**Referring expression grounding data:**
▼▼▼
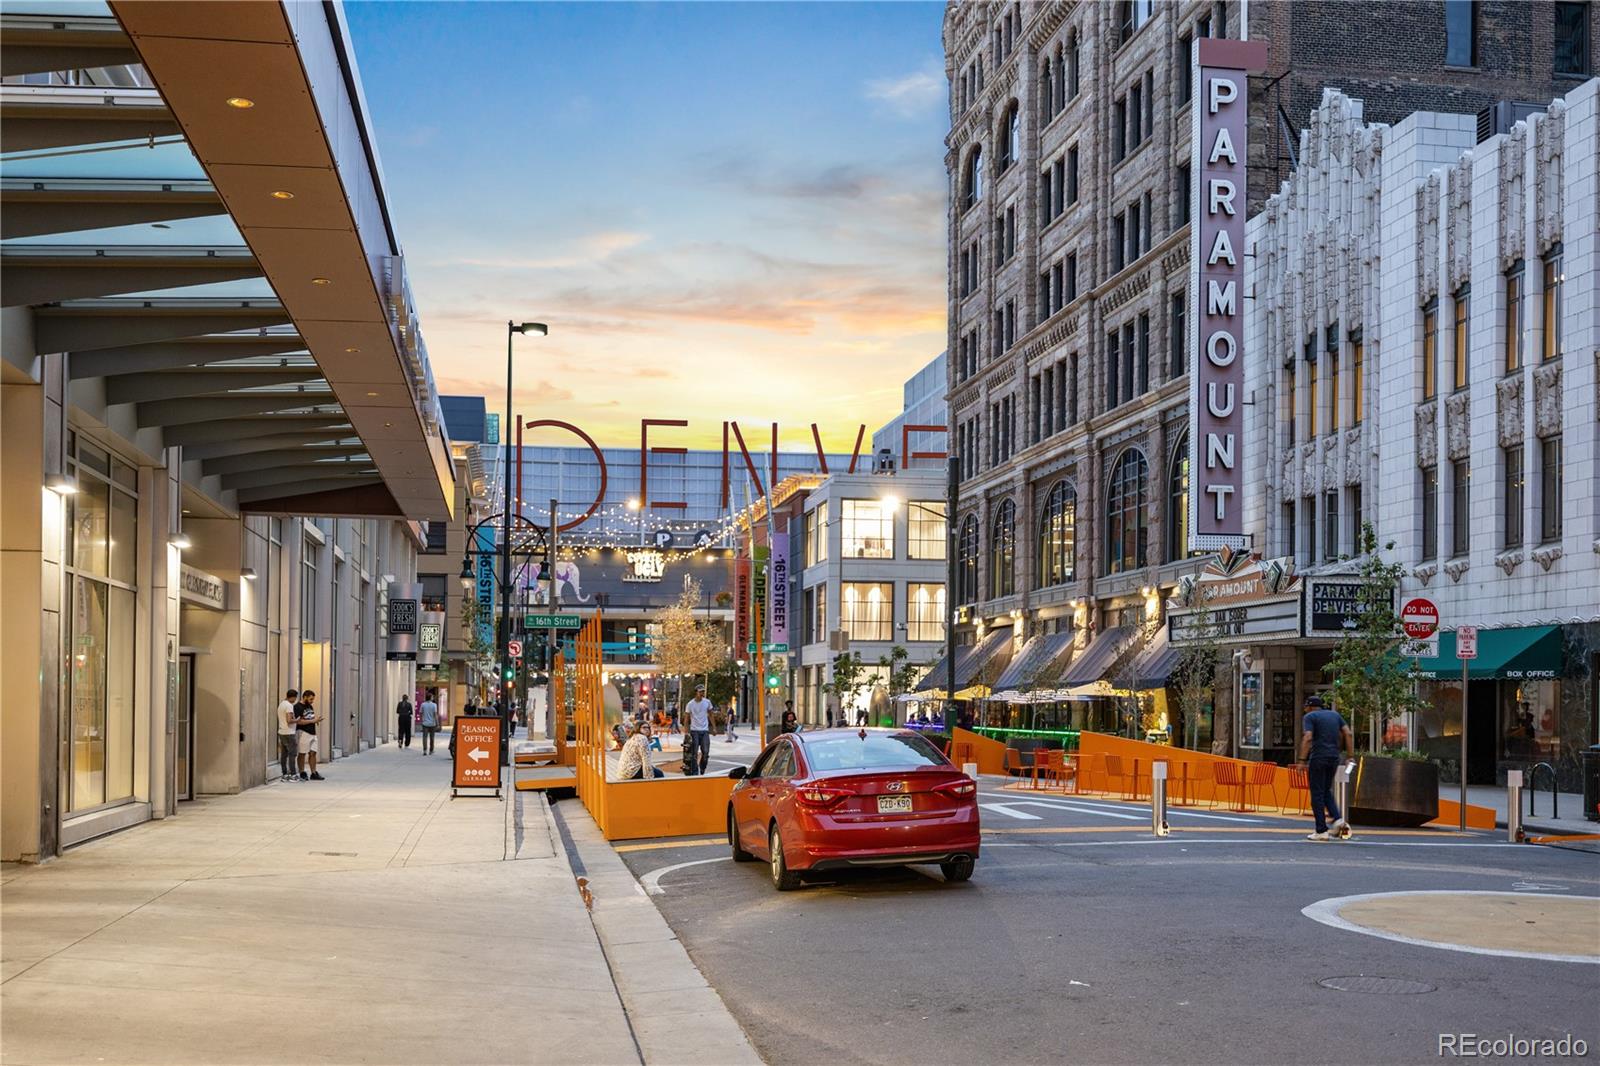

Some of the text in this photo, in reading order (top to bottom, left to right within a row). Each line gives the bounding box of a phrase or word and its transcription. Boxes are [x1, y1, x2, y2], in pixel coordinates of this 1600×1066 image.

[1206, 76, 1238, 521] PARAMOUNT
[774, 584, 786, 629] STREET
[393, 613, 414, 623] FRESH
[535, 616, 552, 626] 16th
[554, 616, 578, 626] Street
[1506, 670, 1555, 678] BOX OFFICE
[464, 735, 494, 743] OFFICE
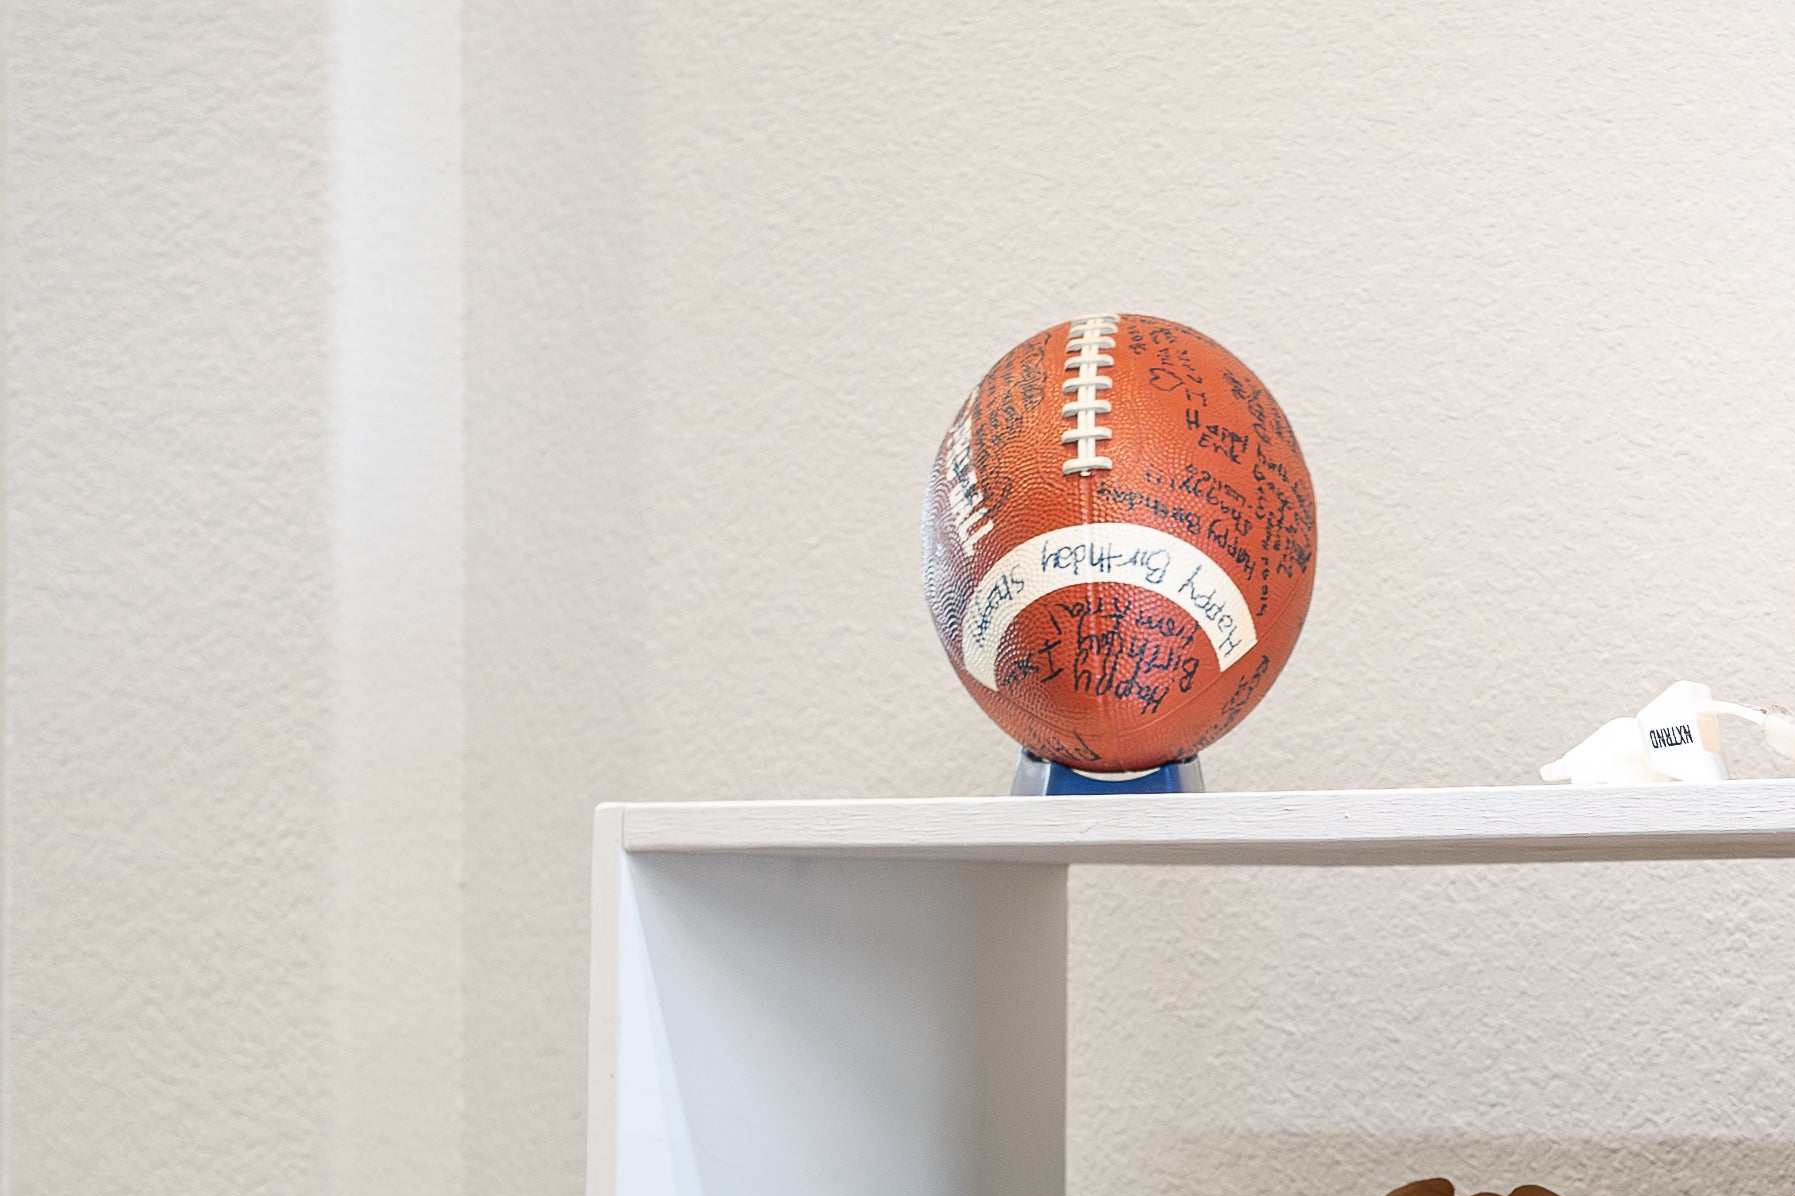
▲▲▲
**Exercise:**
Each entry should be transcribed exactly as given, with pictures omitted.

**Answer:**
Some of the text in this photo, in reading order (top to bottom, left to right within a row). Each line gives the bounding box of a phrase or word and its transcription. Boxes are [x1, y1, x2, y2], in pixel coordinates of this 1600×1066 image.

[1206, 76, 1238, 521] PARAMOUNT
[774, 584, 786, 629] STREET
[393, 613, 414, 623] FRESH
[535, 616, 552, 626] 16th
[554, 616, 578, 626] Street
[1506, 670, 1555, 678] BOX OFFICE
[464, 735, 494, 743] OFFICE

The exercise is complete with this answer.